I know there are experts on psychology who discuss this in further depth than I’m able to, but let me toss out some definitions off the top of my head.

It would seem that I couldn’t claim insanity outright, because I’ve always had a well-developed sense of logic and reason. I didn’t take a course in statistics and probability, but I get the gist. (I’m not “crazy” enough to buy lottery tickets.) I know how to be critical of my own thoughts.

However, there are people with highly developed logical constructs of their own who manage to come up with terrifying conclusions, and can explain in elaborate detail why the muppets are communicating to them through controlled cloud formations that the FBI is reading their thoughts through stool samples collected at public bathrooms (unless they drink enough vinegar to scramble the data).

So this means “a sense of logic” isn’t good enough; we now have to distinguish between good logic and “crazy” logic. Each time I think of a way to differentiate between the two, I find myself coming up with notable exceptions. For example, favoring a majority viewpoint over a fringe belief, in which case we’d be discrediting the likes of Galileo and other pioneers.
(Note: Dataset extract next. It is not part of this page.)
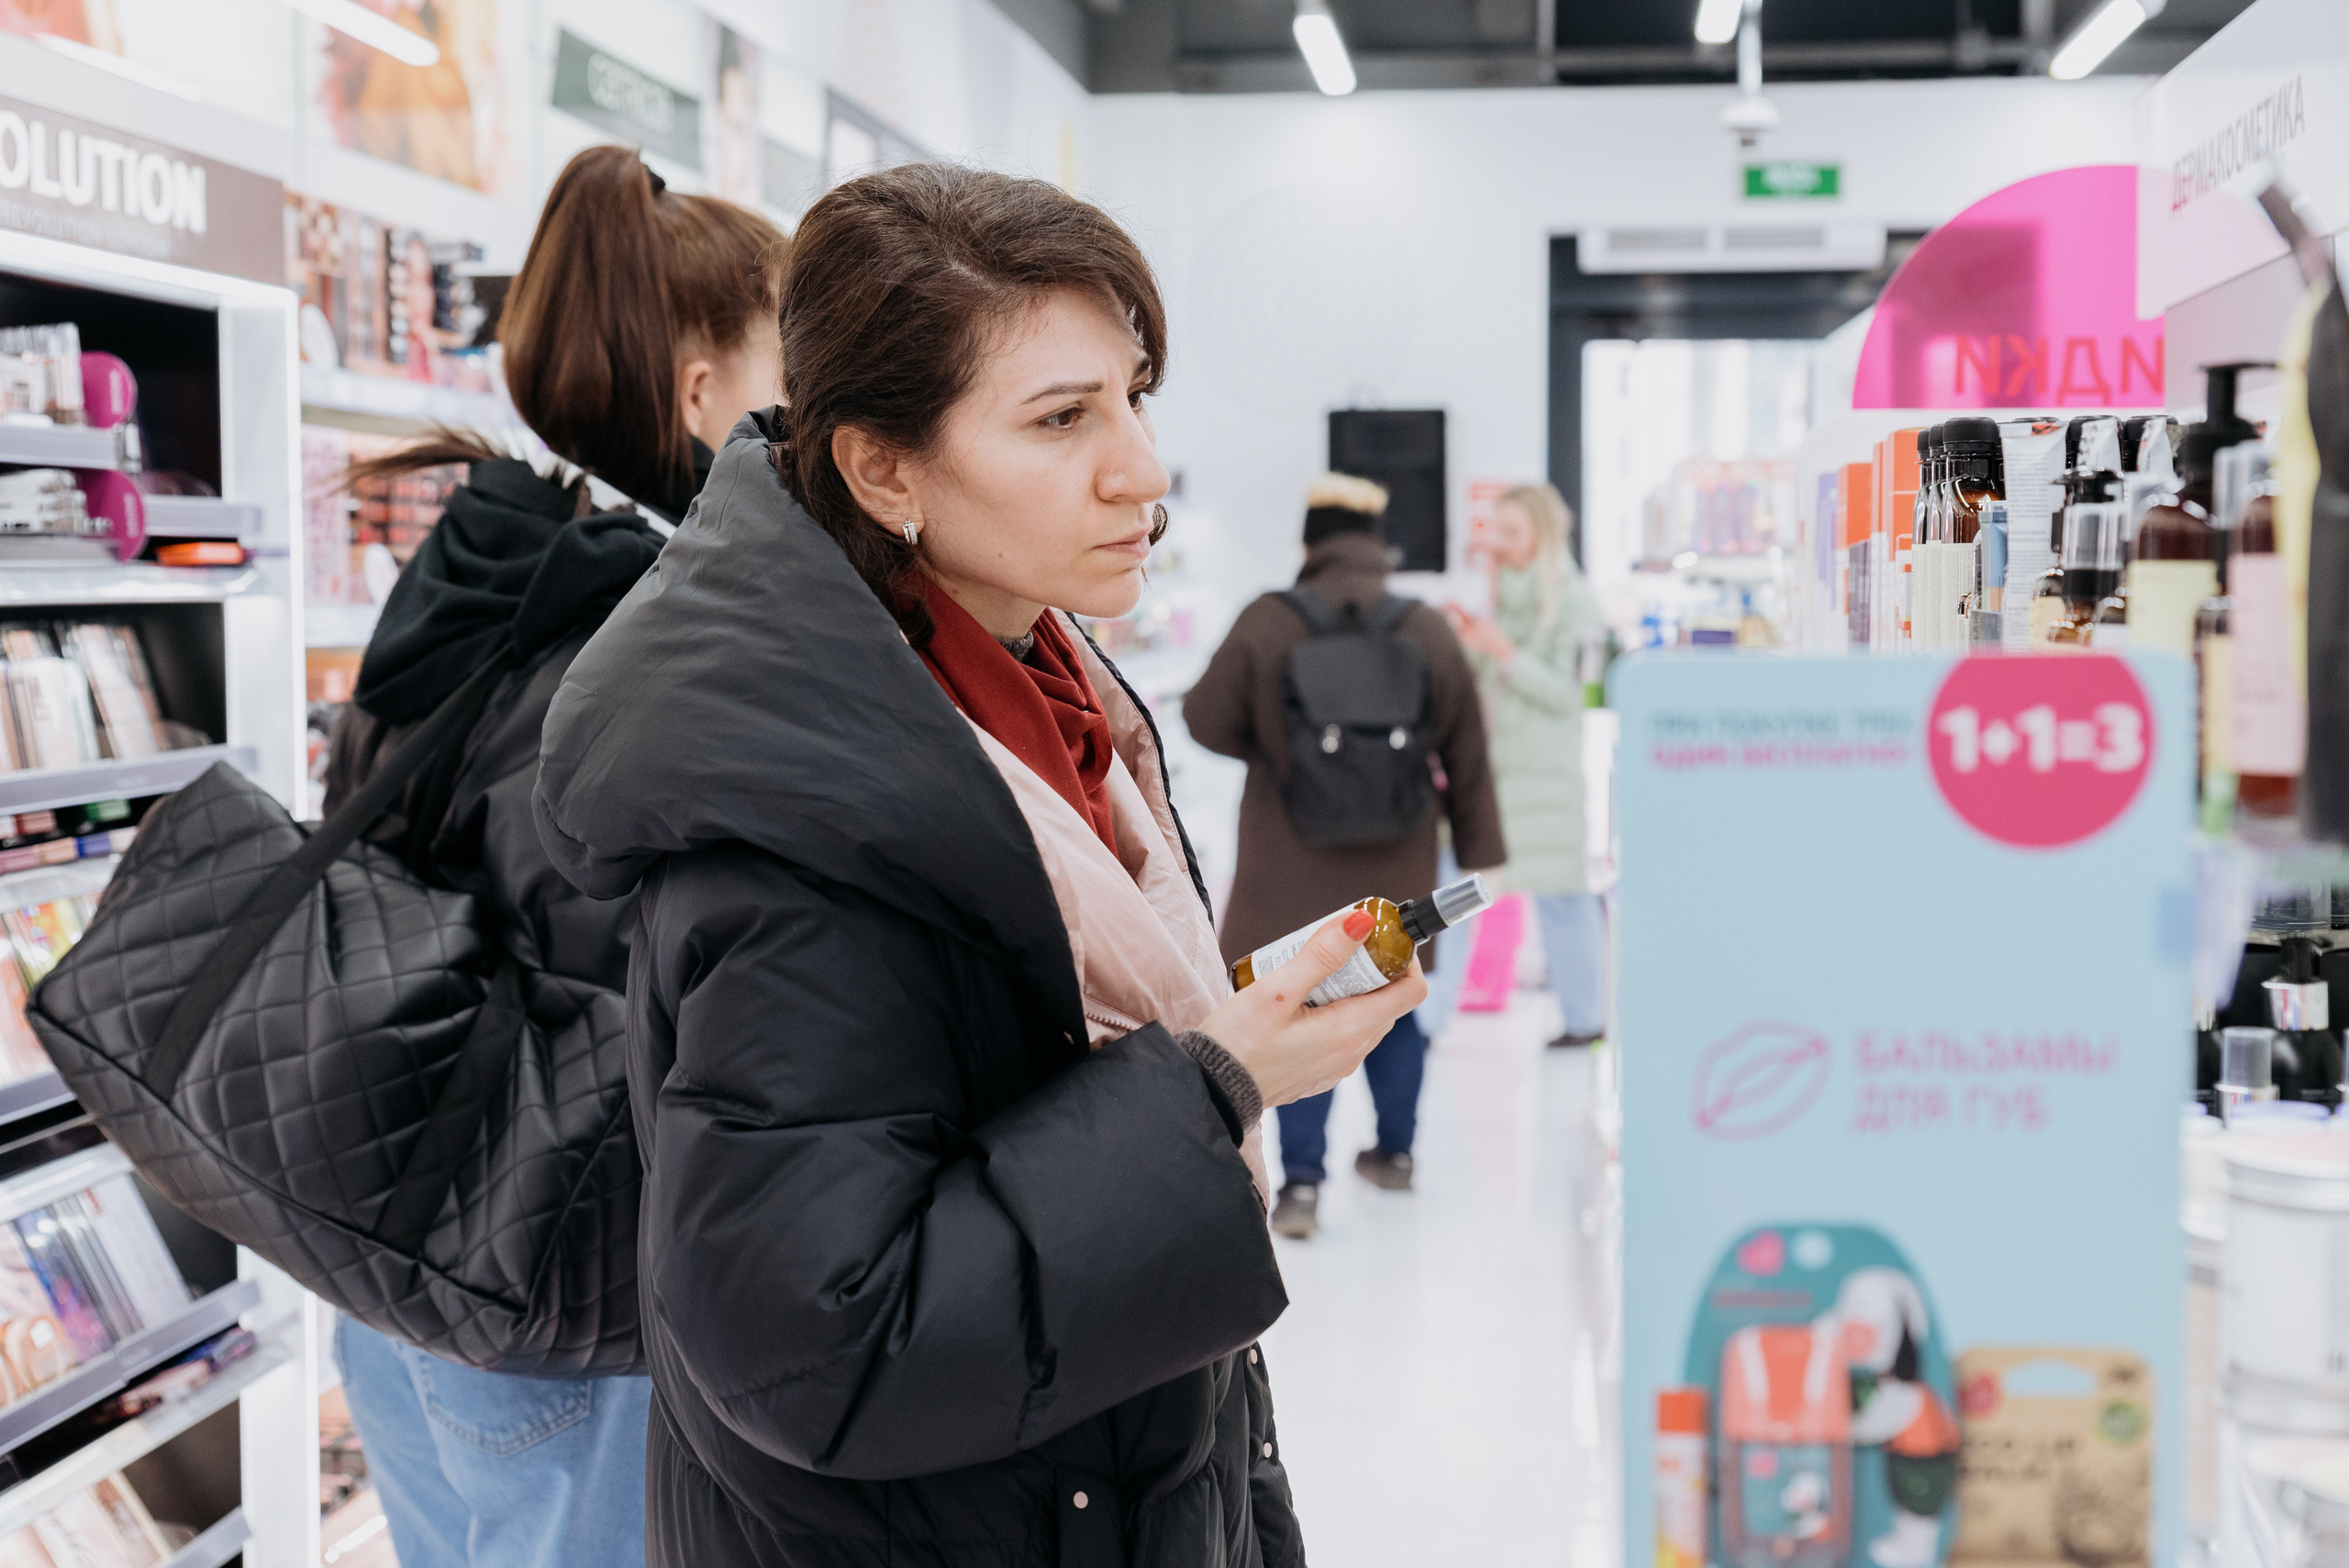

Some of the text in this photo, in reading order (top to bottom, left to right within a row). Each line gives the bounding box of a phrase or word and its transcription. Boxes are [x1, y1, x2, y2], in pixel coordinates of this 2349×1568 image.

[0, 109, 206, 233] OLUTION
[2172, 76, 2305, 217] ДЕРМАКОСМЕТИКА
[1941, 705, 2145, 772] 1+1=3
Then I suppose I could try another defining factor: happiness (or lack thereof). If you’re happy, and at peace, can you technically be crazy? Even if you have beliefs which turn out not to be true, or logic with some holes in it? And it’s often said that insanity is doing the same thing over and over and expecting different results, which is what a lot of unhappy people do.

How about a total inability to communicate? If a person refuses to truly listen to anything you try to explain to them, and continues to repeat and reinforce a viewpoint that you’ve already explained away, you’re more likely to chalk them up as “not well” than if they said, “that’s an interesting point. I’ll have to think about that”.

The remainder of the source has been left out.